• Exercise:
Please output every entry below exactly as written, leaving out any pictures.

Text-to-region grounding data
╭──
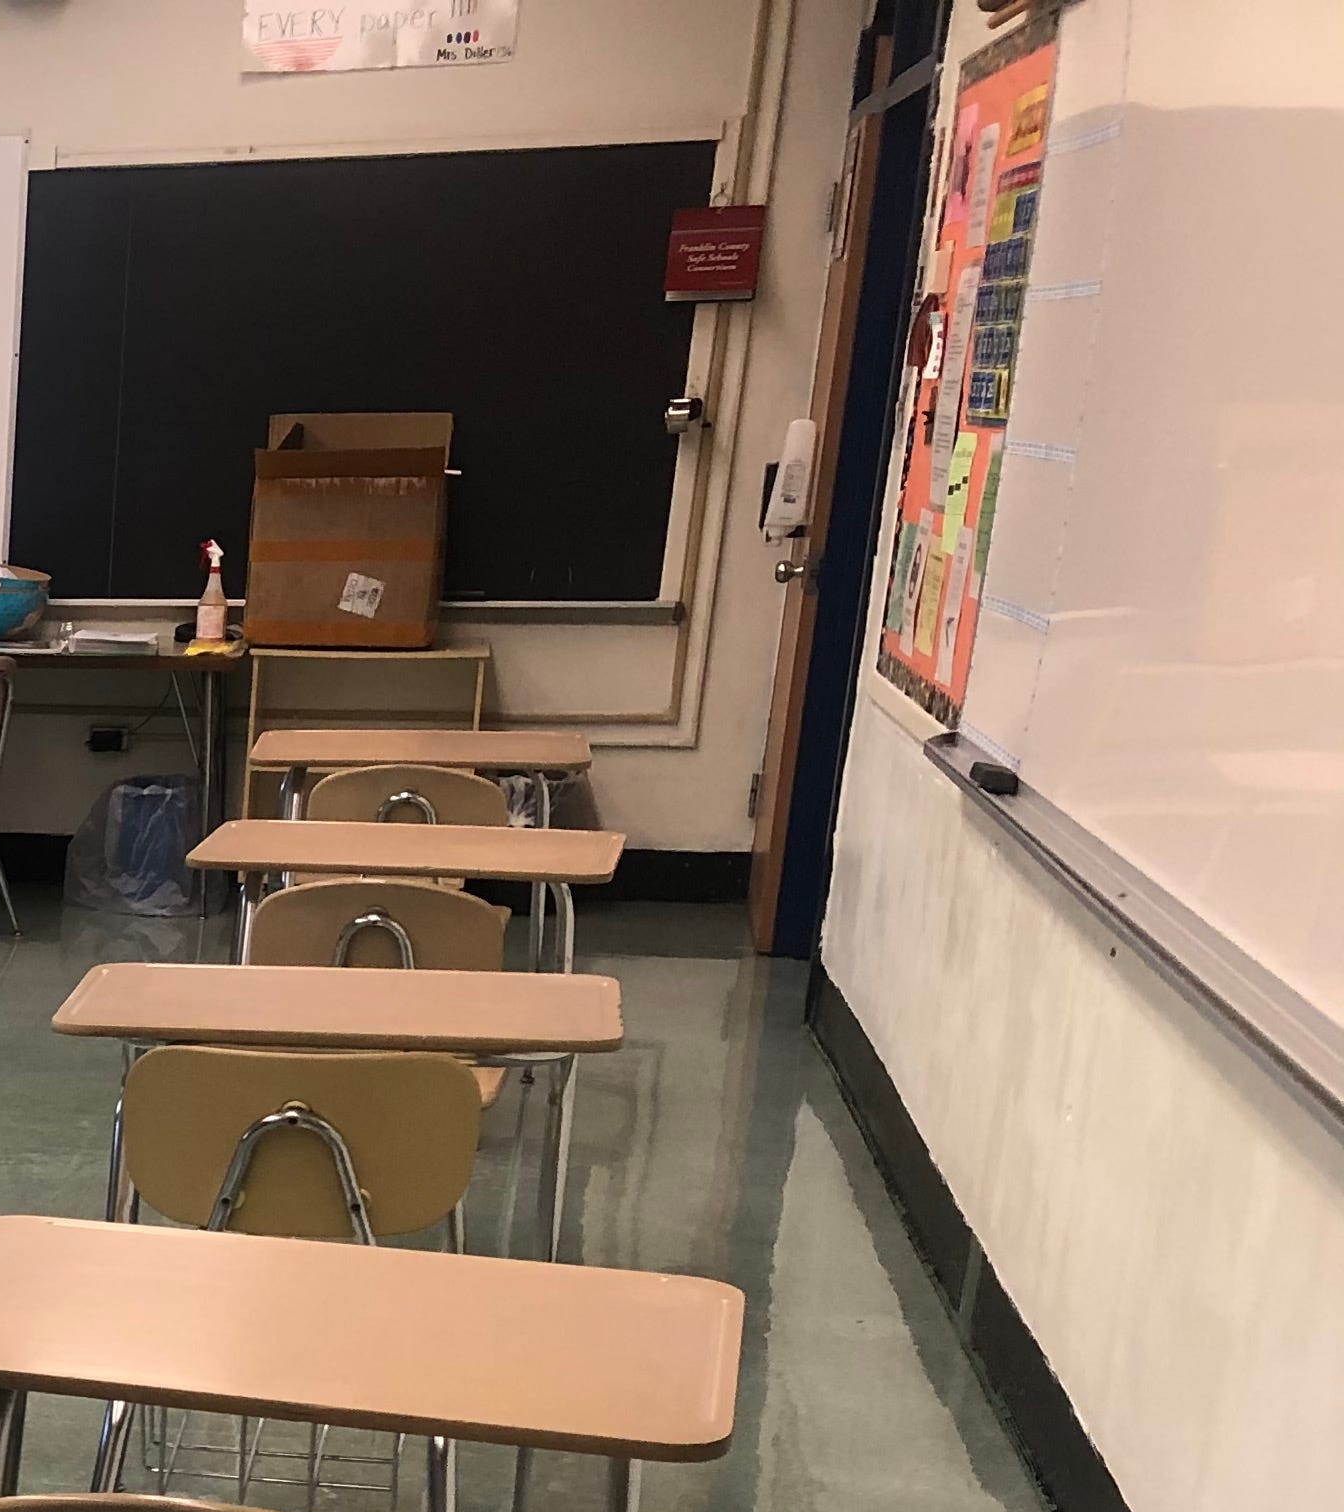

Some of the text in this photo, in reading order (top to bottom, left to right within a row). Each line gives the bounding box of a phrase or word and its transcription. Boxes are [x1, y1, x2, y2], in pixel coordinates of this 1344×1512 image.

[259, 7, 346, 40] EVERY
[360, 9, 437, 45] paper
[436, 48, 457, 61] Mrs
[679, 242, 750, 252] Franklin County
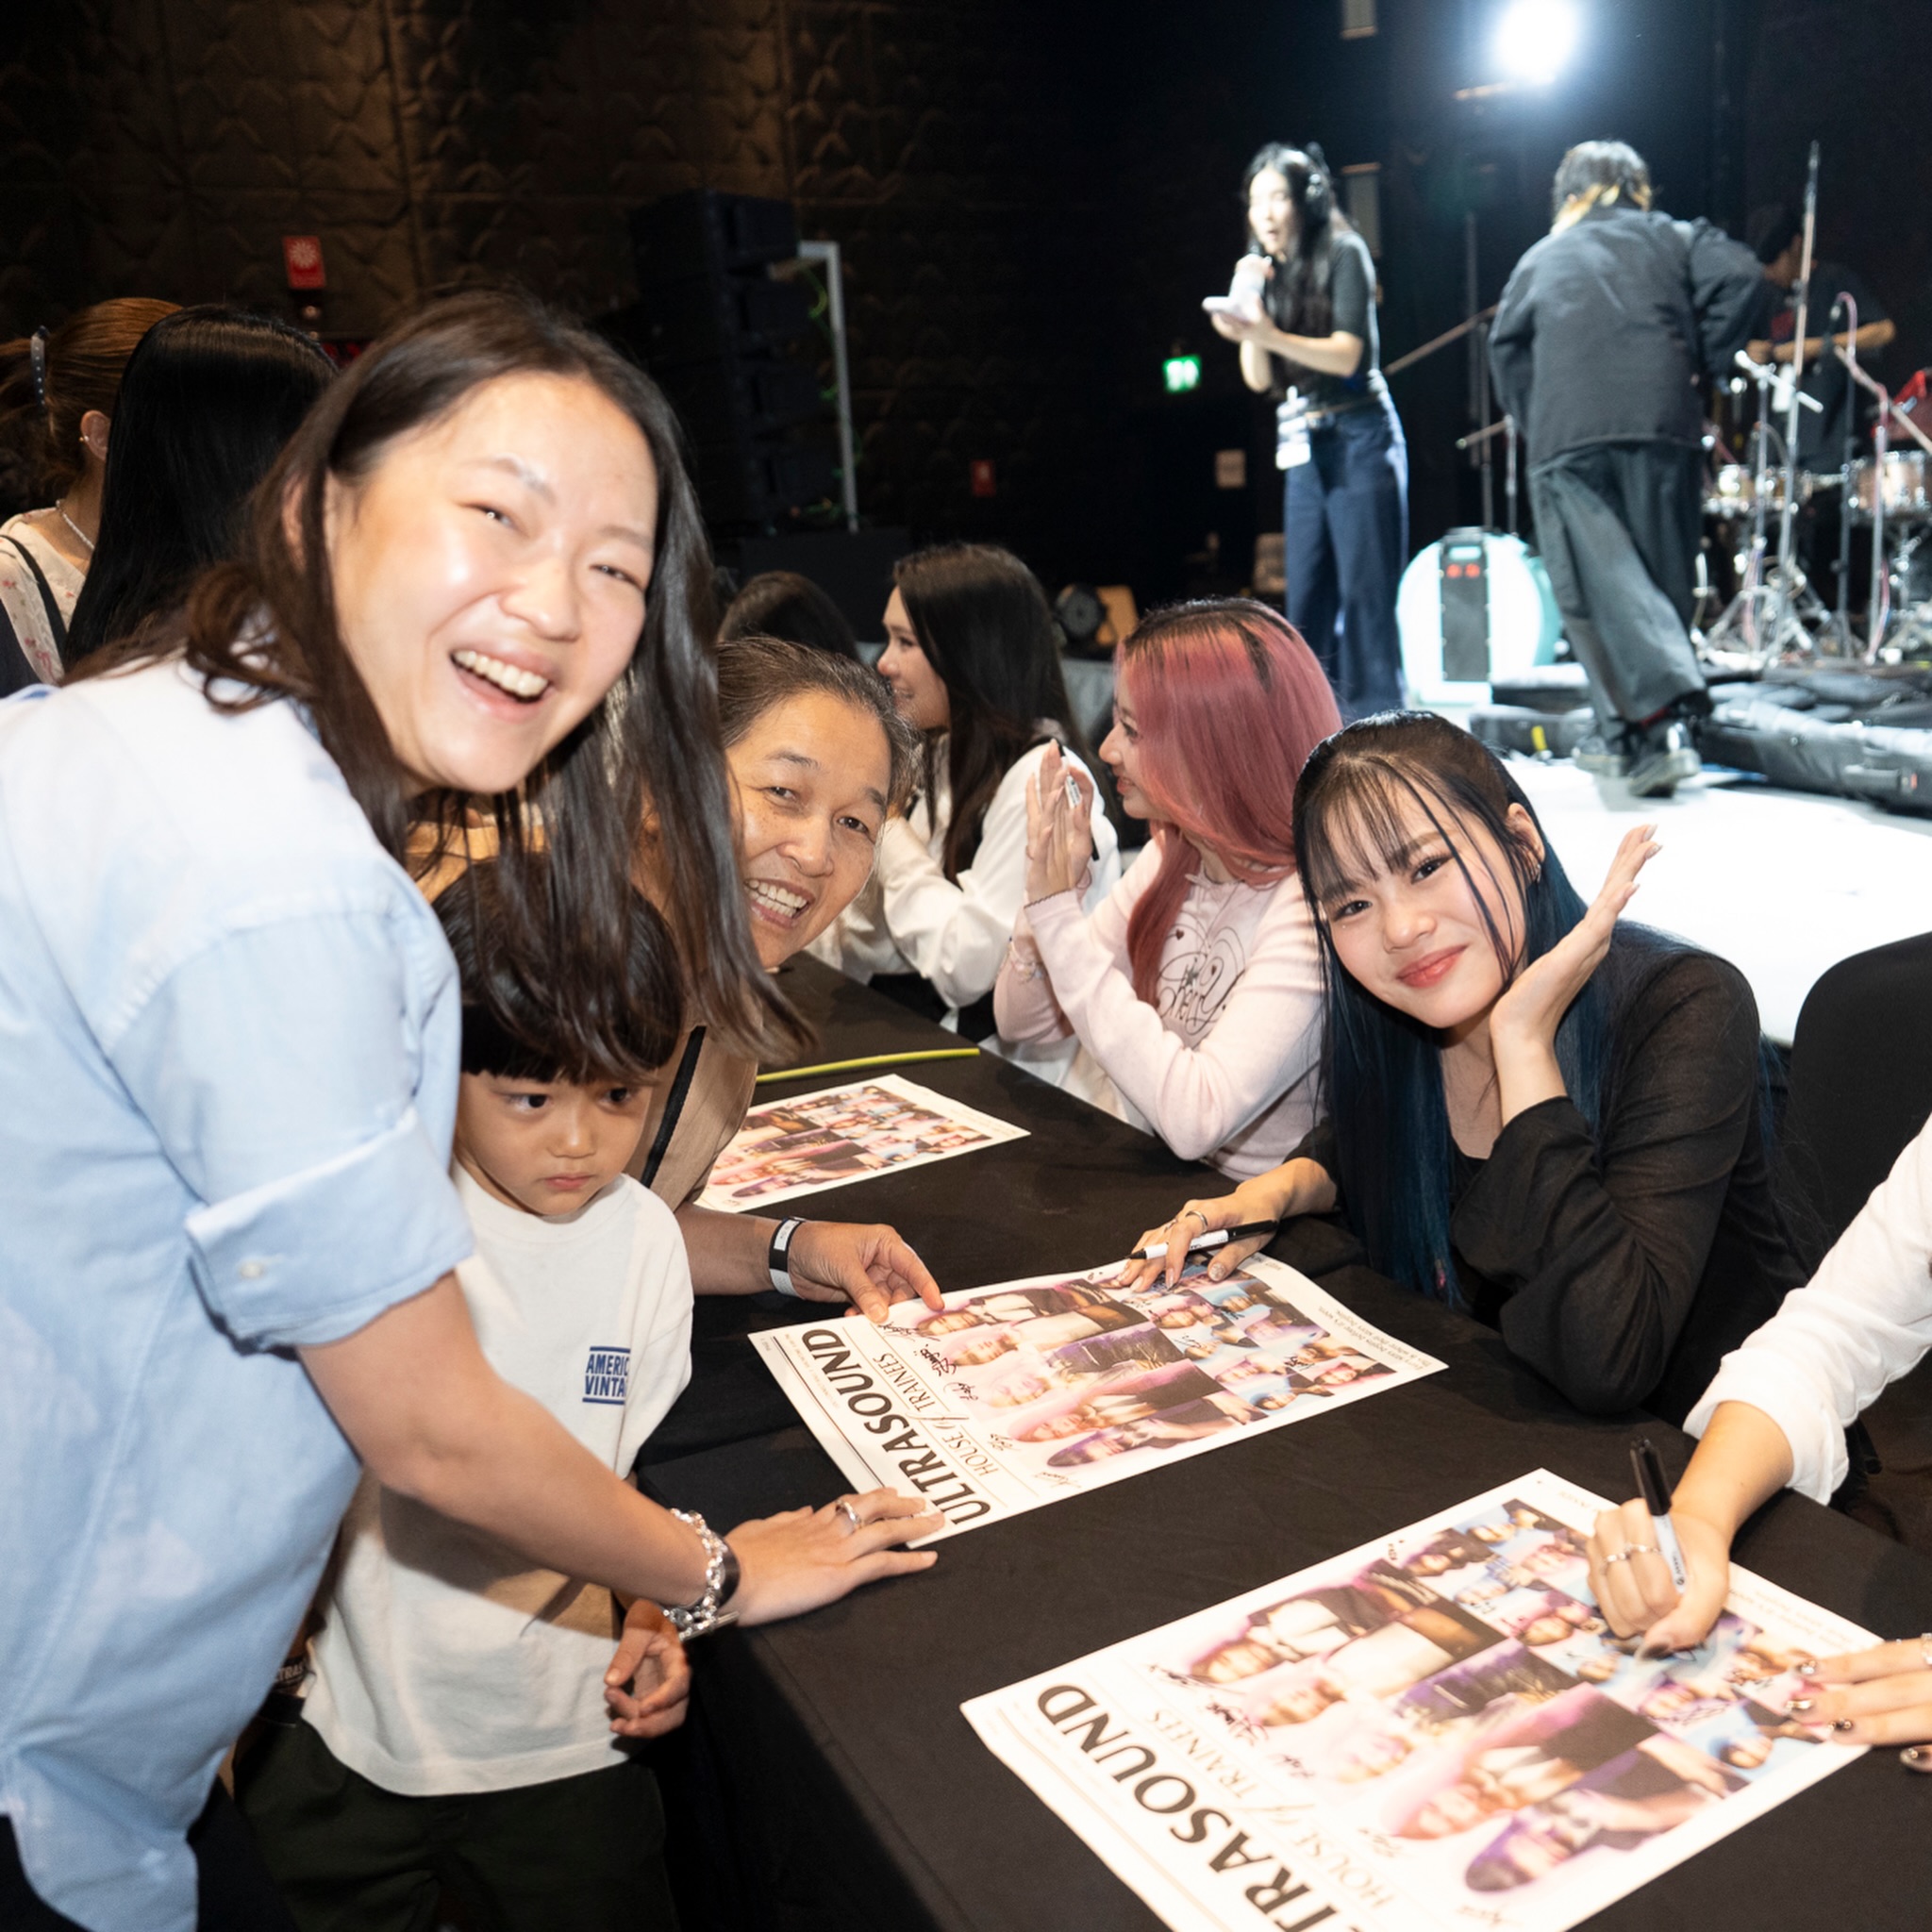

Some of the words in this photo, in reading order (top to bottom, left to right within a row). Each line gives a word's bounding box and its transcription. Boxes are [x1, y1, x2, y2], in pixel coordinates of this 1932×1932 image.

[801, 1327, 991, 1525] ULTRASOUND
[872, 1353, 936, 1412] TRAINEES
[941, 1431, 999, 1477] HOUSE
[1038, 1684, 1361, 1932] TRASOUND
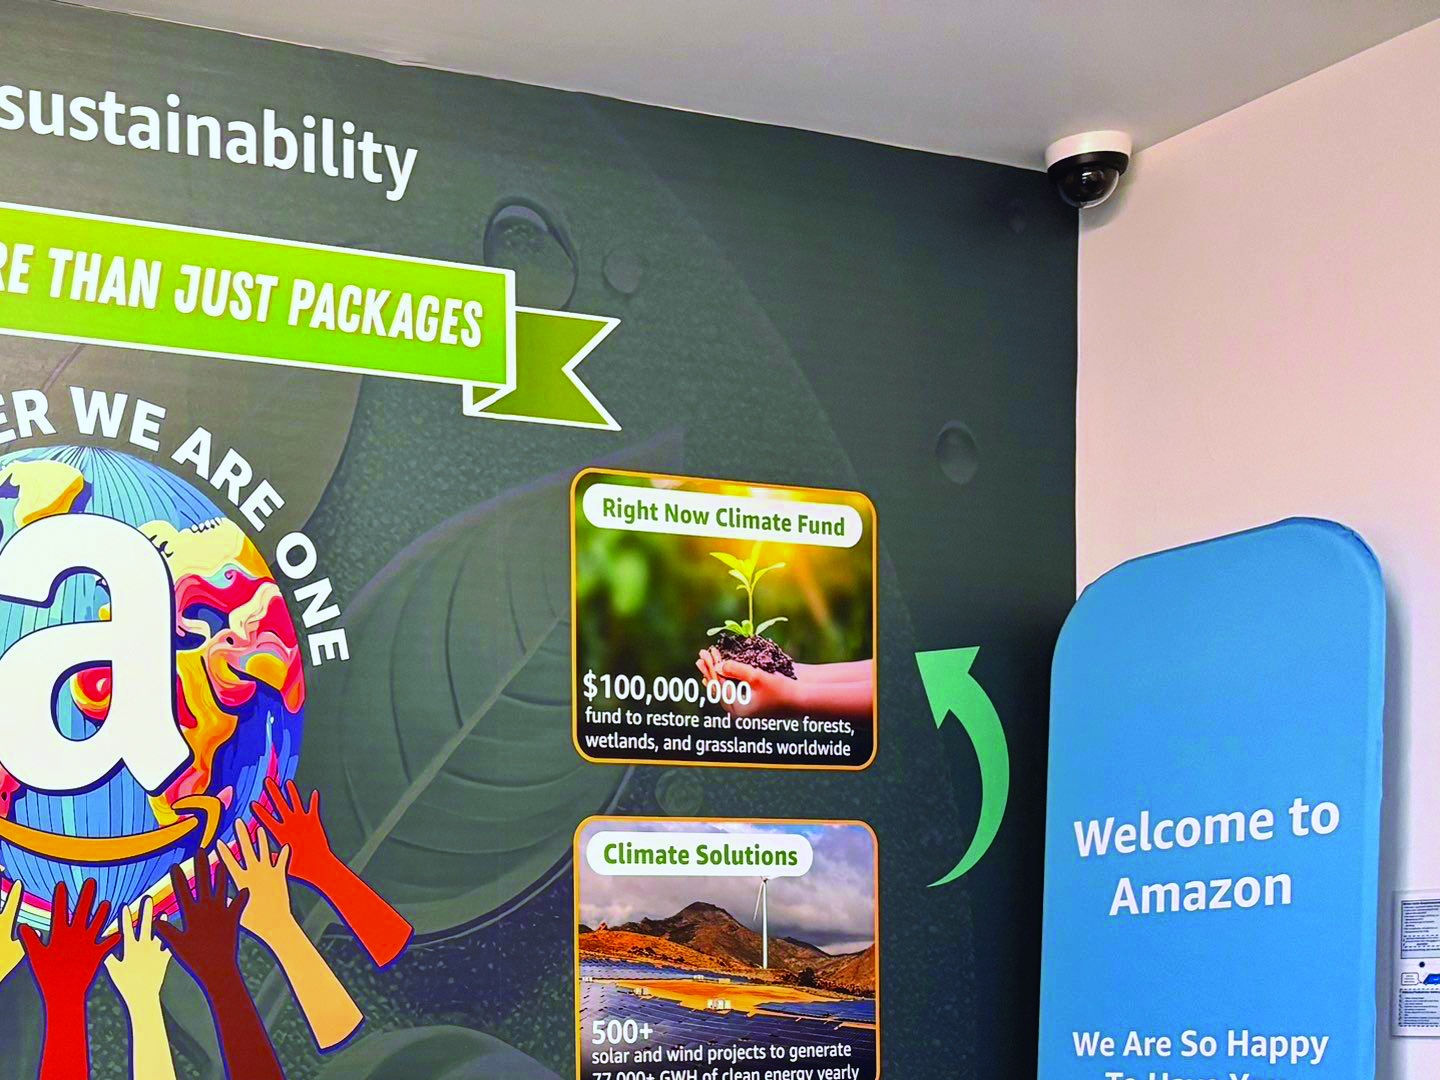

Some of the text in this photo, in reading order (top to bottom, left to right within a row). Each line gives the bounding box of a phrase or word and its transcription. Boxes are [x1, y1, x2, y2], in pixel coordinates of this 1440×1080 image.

[48, 248, 162, 310] THAN
[174, 264, 278, 324] JUST
[288, 278, 483, 348] PACKAGES
[69, 385, 167, 452] WE
[172, 427, 285, 532] ARE
[274, 530, 351, 668] ONE
[602, 498, 846, 537] Right Now Climate Fund
[582, 669, 752, 706] $100,000,000
[585, 706, 855, 737] fund to restore and conserve forests,
[585, 733, 851, 756] wetlands, and grasslands worldwide
[1073, 797, 1340, 857] Welcome to
[603, 842, 798, 866] Climate Solutions
[1109, 871, 1292, 916] Amazon
[591, 1019, 653, 1045] 500+
[1072, 1029, 1329, 1065] We Are So Happy
[591, 1042, 851, 1064] solar and wind projects to generate
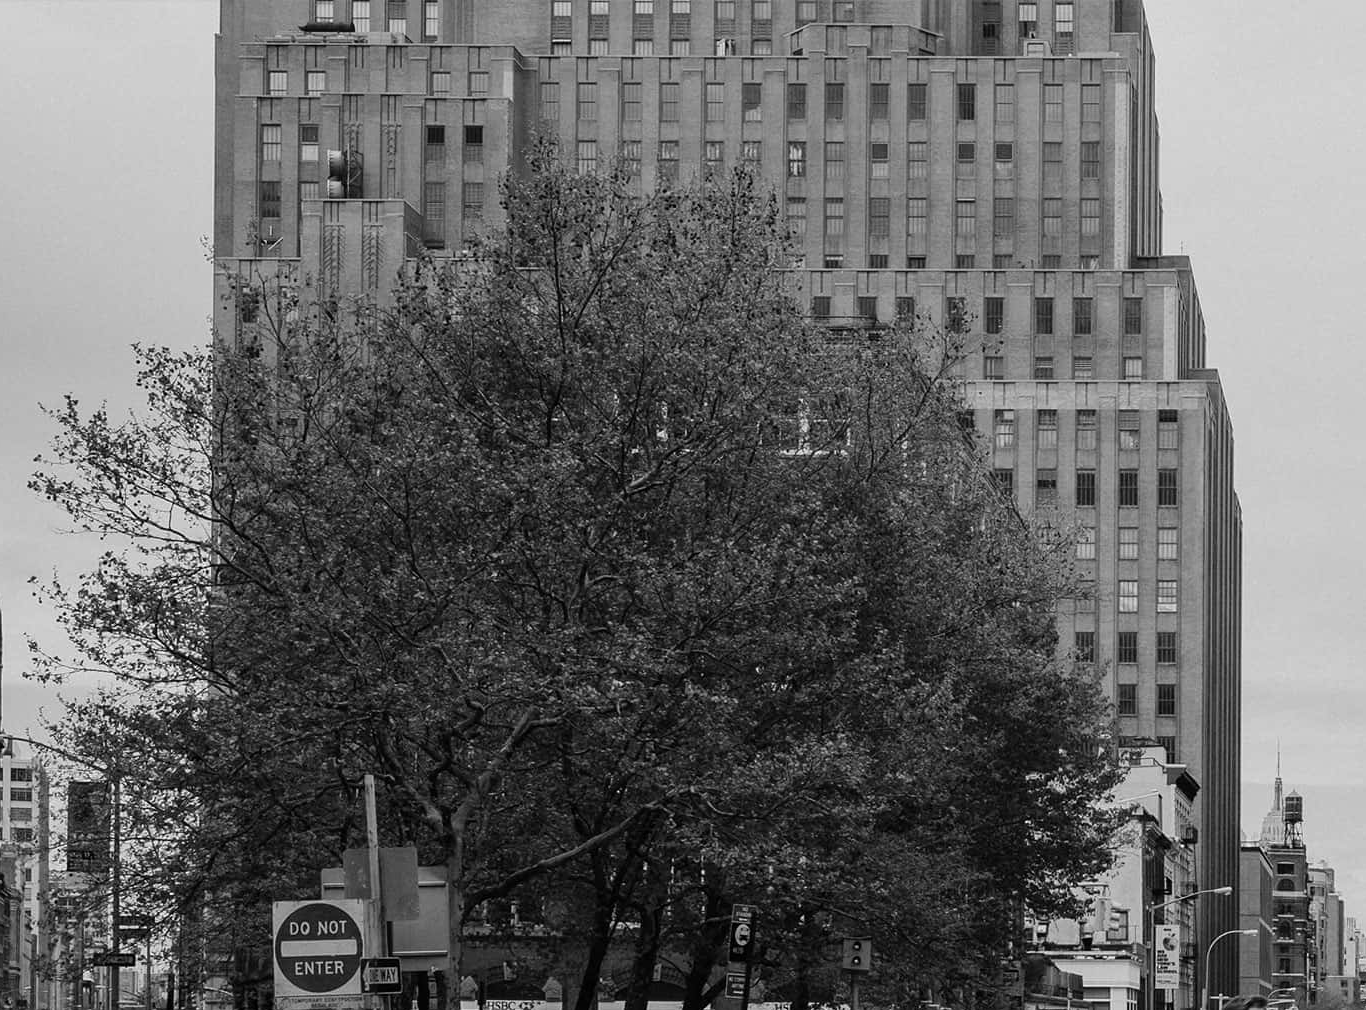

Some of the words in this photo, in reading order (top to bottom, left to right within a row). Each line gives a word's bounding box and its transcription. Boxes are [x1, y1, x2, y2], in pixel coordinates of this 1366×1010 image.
╰──
• Output for this exercise:
Some of the text in this photo, in reading order (top to bottom, left to right within a row). Each line gives the bounding box of a phrase or word and its transcription. Boxes are [x1, y1, x2, y2], in pixel coordinates of this 1344×1512 image.

[259, 7, 346, 40] EVERY
[360, 9, 437, 45] paper
[436, 48, 457, 61] Mrs
[679, 242, 750, 252] Franklin County

Some of the words in this photo, in reading order (top to bottom, left to right within a row). Each line gives a word's bounding box and its transcription. Boxes are [x1, y1, x2, y2], in pixel coordinates of this 1932×1932 image.

[801, 1327, 991, 1525] ULTRASOUND
[872, 1353, 936, 1412] TRAINEES
[941, 1431, 999, 1477] HOUSE
[1038, 1684, 1361, 1932] TRASOUND

Some of the text in this photo, in reading order (top to bottom, left to right within a row). Each line gives the bounding box of a phrase or word and its transcription. Boxes are [x1, y1, x2, y2], in pixel coordinates of this 1440×1080 image.

[48, 248, 162, 310] THAN
[174, 264, 278, 324] JUST
[288, 278, 483, 348] PACKAGES
[69, 385, 167, 452] WE
[172, 427, 285, 532] ARE
[274, 530, 351, 668] ONE
[602, 498, 846, 537] Right Now Climate Fund
[582, 669, 752, 706] $100,000,000
[585, 706, 855, 737] fund to restore and conserve forests,
[585, 733, 851, 756] wetlands, and grasslands worldwide
[1073, 797, 1340, 857] Welcome to
[603, 842, 798, 866] Climate Solutions
[1109, 871, 1292, 916] Amazon
[591, 1019, 653, 1045] 500+
[1072, 1029, 1329, 1065] We Are So Happy
[591, 1042, 851, 1064] solar and wind projects to generate

Some of the words in this photo, in reading order (top to bottom, left to right within a row). Each line gives a word's bounding box and its transcription. Boxes are [x1, y1, x2, y2], in pixel coordinates of this 1366×1010 image.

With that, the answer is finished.